The 'substantive' approach takes the evolutionary telos to underpin ethical normativity. It makes the normative-ethical claim that we ought to share and promote Mother Nature's "purposes". We might further distinguish 'forward-looking' and 'backward-looking' versions of this thesis. On the former, we ought to do whatever will promote the survival of our species, or our own genes, or something like that. On the latter, we ought to behave in ways that have previously been selected for by natural selection. Either variant seems terribly misguided, since there's no reason to think that evolutionary functions have any moral significance, or that humans are subject to such arbitrary 'externally imposed purposes'. (Though of course these goals might happily correlate with genuine values; survival of the species clearly bears some connection to human wellbeing, for example. They just aren't foundational to ethics, is all.)

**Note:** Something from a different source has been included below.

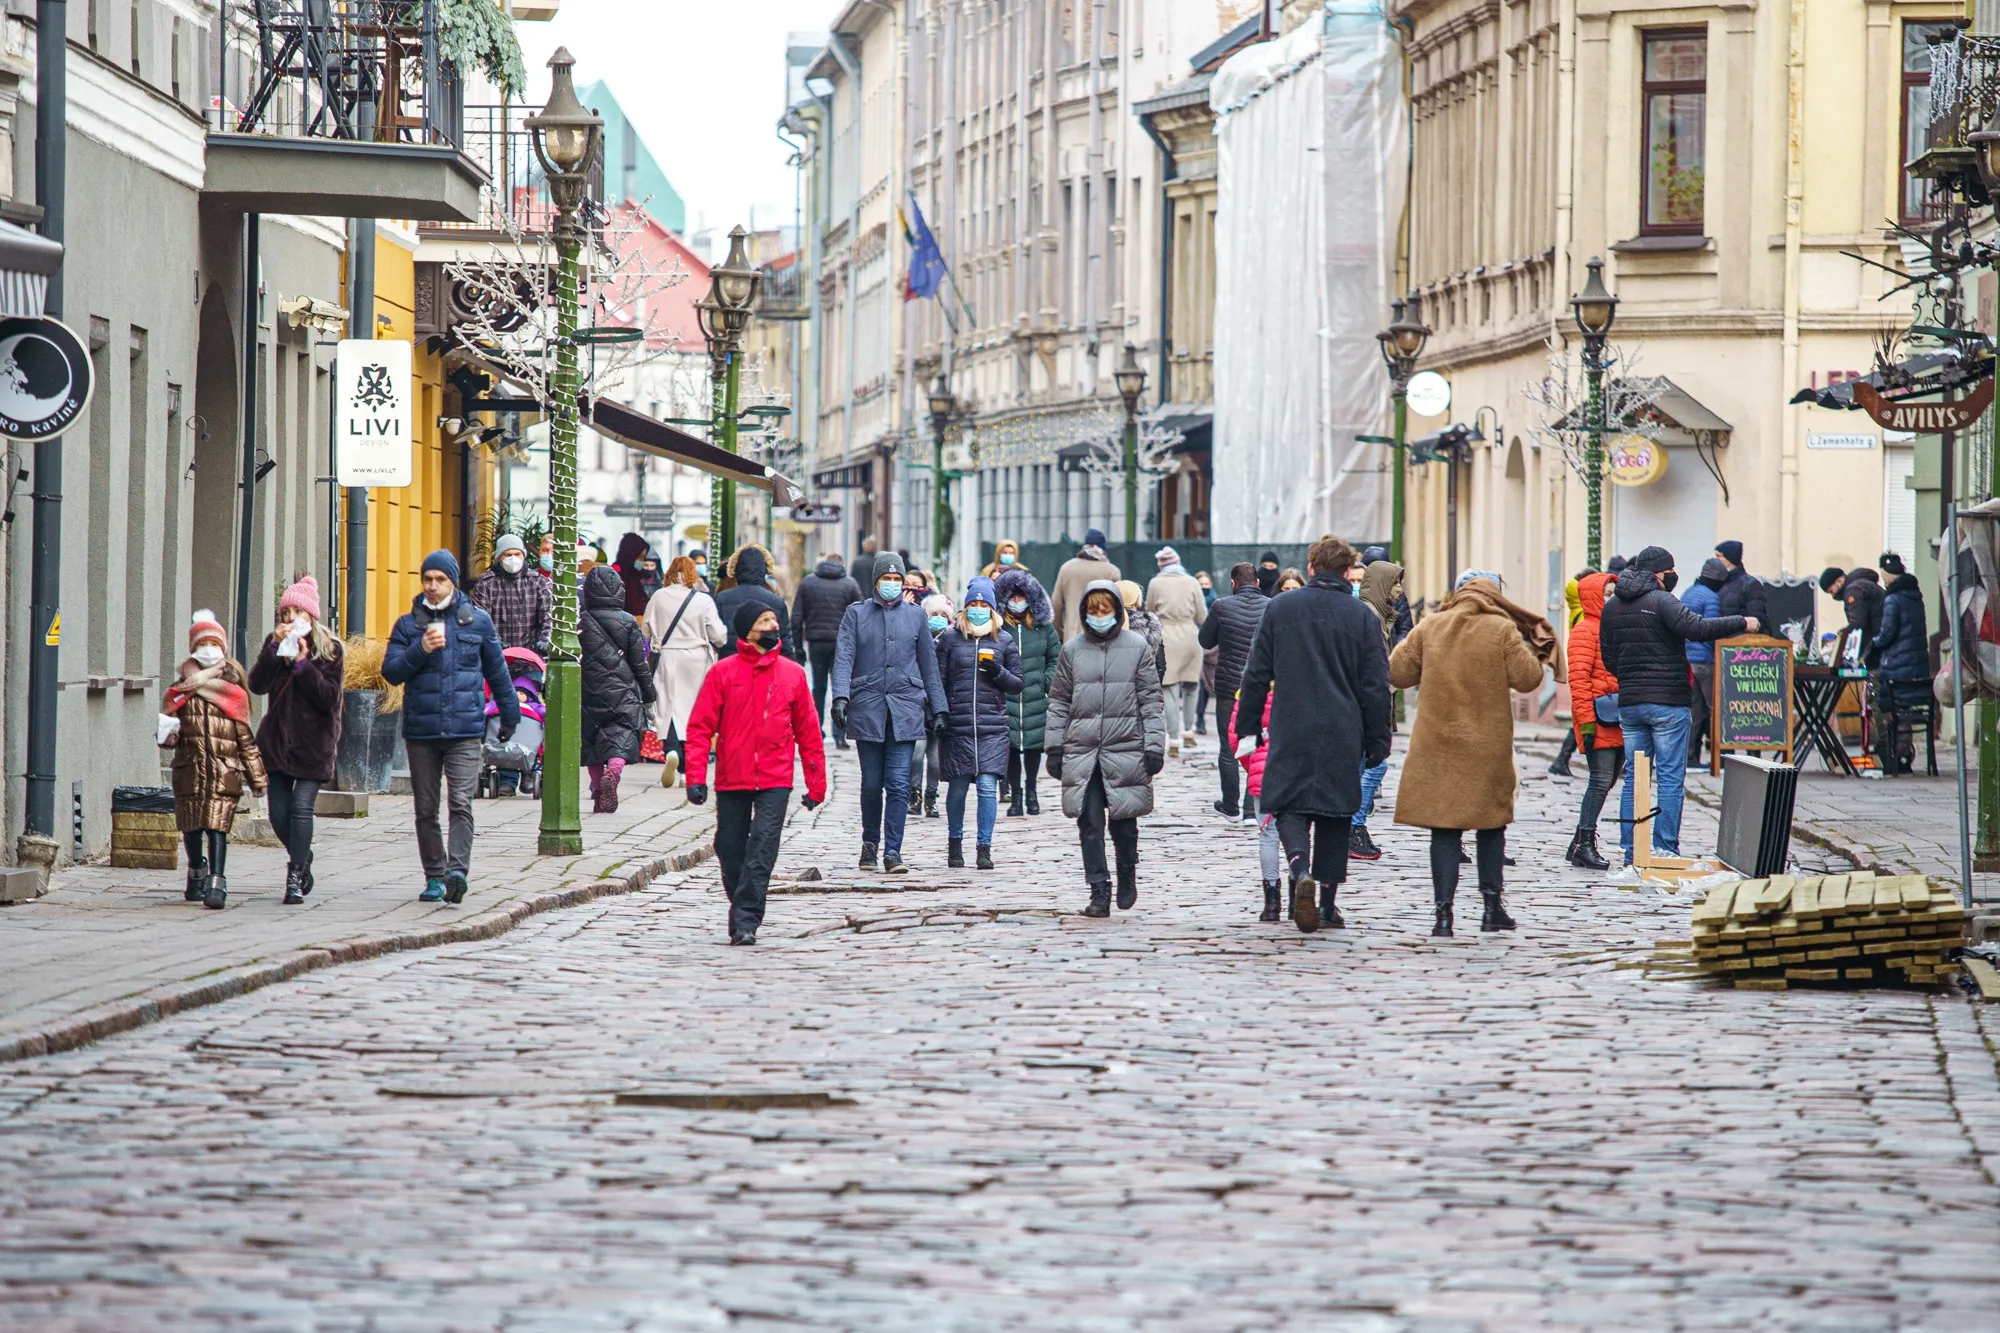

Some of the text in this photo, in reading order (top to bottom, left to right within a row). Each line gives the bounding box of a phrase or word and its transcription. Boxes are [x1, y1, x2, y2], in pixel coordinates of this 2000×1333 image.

[350, 418, 399, 435] LIVI
[1893, 407, 1958, 428] AVILYS
[1728, 698, 1783, 719] POPKORNAI

Further, note that there's nothing particularly scientific about this view. There's nothing in evolutionary theory which says what humans morally ought to do. Rather, this view is a substantive philosophical thesis which (seemingly arbitrarily) claims that the moral good is tied to evolution in the ways described above. It's not good science, and it certainly isn't good ethics.
How about the 'methodological' approach? Rather than trying to build evolutionary considerations into the content of our moral theories, this meta-ethical approach remains neutral on the content and instead makes higher-order claims about the nature of ethical discourse itself. In particular, it suggests that, to gain insights into our ethical practices, we should look to their evolutionary origin. Suppose our moral behaviour evolved for the (biological) purpose of creating more stable societies and thus boosting our biological fitness. This explanation makes no mention of moral facts, and so might be used as the basis for a nihilistic 'error theory'. (I suppose this is not so much grounding ethics upon evolution, as using evolution to argue that ethics is groundless.) [Update: see comments for another, non-nihilistic, example.]
While attempting to build evolution into normative ethics is transparently stupid, its methodological use is much more interesting. I'm not quite sure what to make of it, actually. I'll explore the underlying ideas some more in my next post.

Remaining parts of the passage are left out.